──────── DATA EXTRACTS

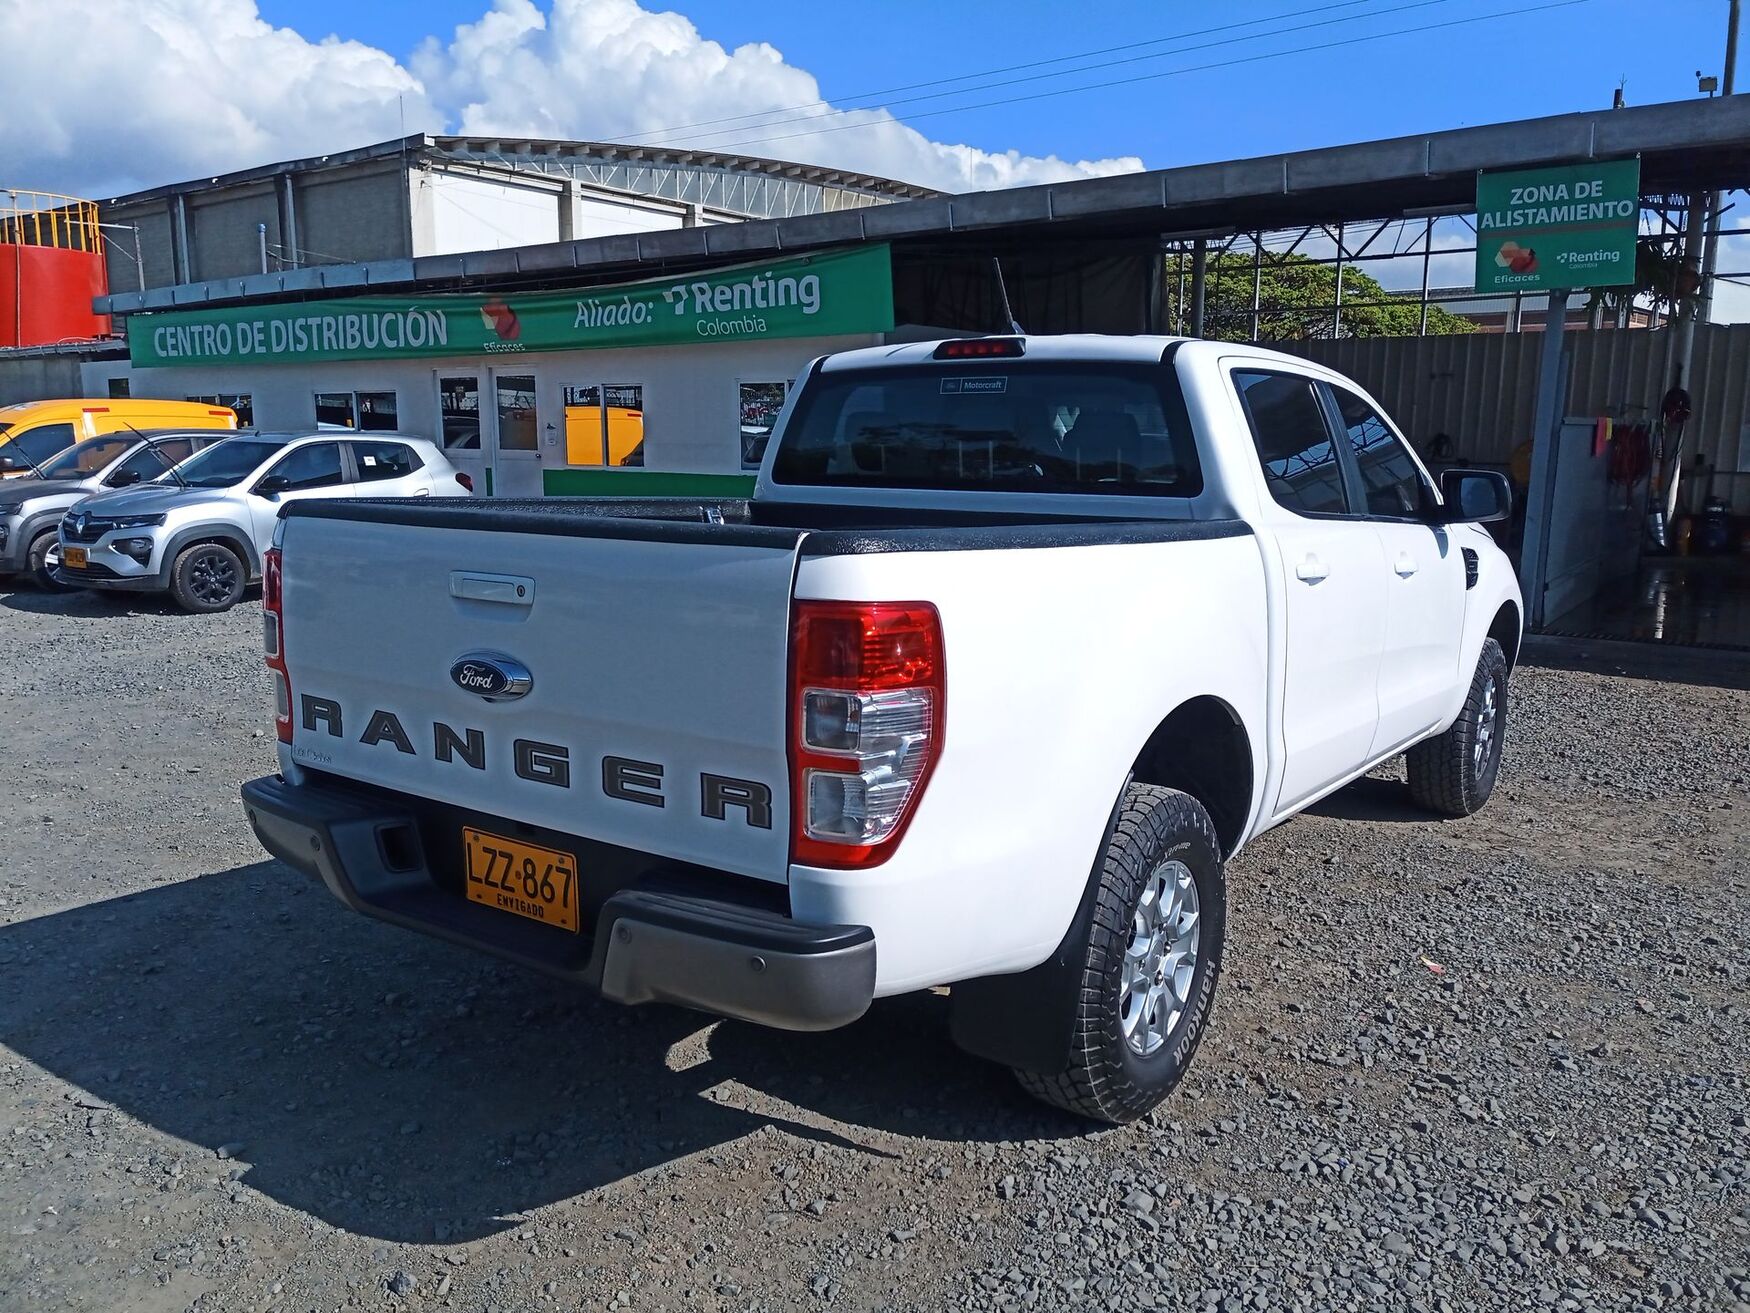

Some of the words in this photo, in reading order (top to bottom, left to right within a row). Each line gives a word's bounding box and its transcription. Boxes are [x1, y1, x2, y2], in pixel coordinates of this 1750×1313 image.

[1510, 183, 1569, 205] ZONA
[1574, 180, 1603, 199] DE
[1481, 200, 1634, 229] ALISTAMIENTO
[1569, 249, 1620, 263] Renting
[1494, 273, 1541, 284] Eficaces
[692, 271, 820, 314] Renting
[574, 296, 654, 328] Aliado:
[154, 323, 232, 358] CENTRO
[236, 321, 267, 354] DE
[270, 306, 448, 353] DISTRIBUCIÓN
[696, 315, 767, 336] Colombia
[964, 381, 1002, 390] Motorcraft
[460, 664, 494, 689] Ford
[301, 694, 773, 830] RANGER
[496, 893, 545, 919] ENVIGADO

────────────────

■ WHAT YOU ARE ASKED TO DO: Return the records word for word, leaving every picture out of the copy.

■ ANSWER TO THIS EXERCISE:
Some of the words in this photo, in reading order (top to bottom, left to right within a row). Each line gives a word's bounding box and its transcription. Boxes are [x1, y1, x2, y2], in pixel coordinates of this 1750×1313 image.

[1510, 183, 1569, 205] ZONA
[1574, 180, 1603, 199] DE
[1481, 200, 1634, 229] ALISTAMIENTO
[1569, 249, 1620, 263] Renting
[1494, 273, 1541, 284] Eficaces
[692, 271, 820, 314] Renting
[574, 296, 654, 328] Aliado:
[154, 323, 232, 358] CENTRO
[236, 321, 267, 354] DE
[270, 306, 448, 353] DISTRIBUCIÓN
[696, 315, 767, 336] Colombia
[964, 381, 1002, 390] Motorcraft
[460, 664, 494, 689] Ford
[301, 694, 773, 830] RANGER
[496, 893, 545, 919] ENVIGADO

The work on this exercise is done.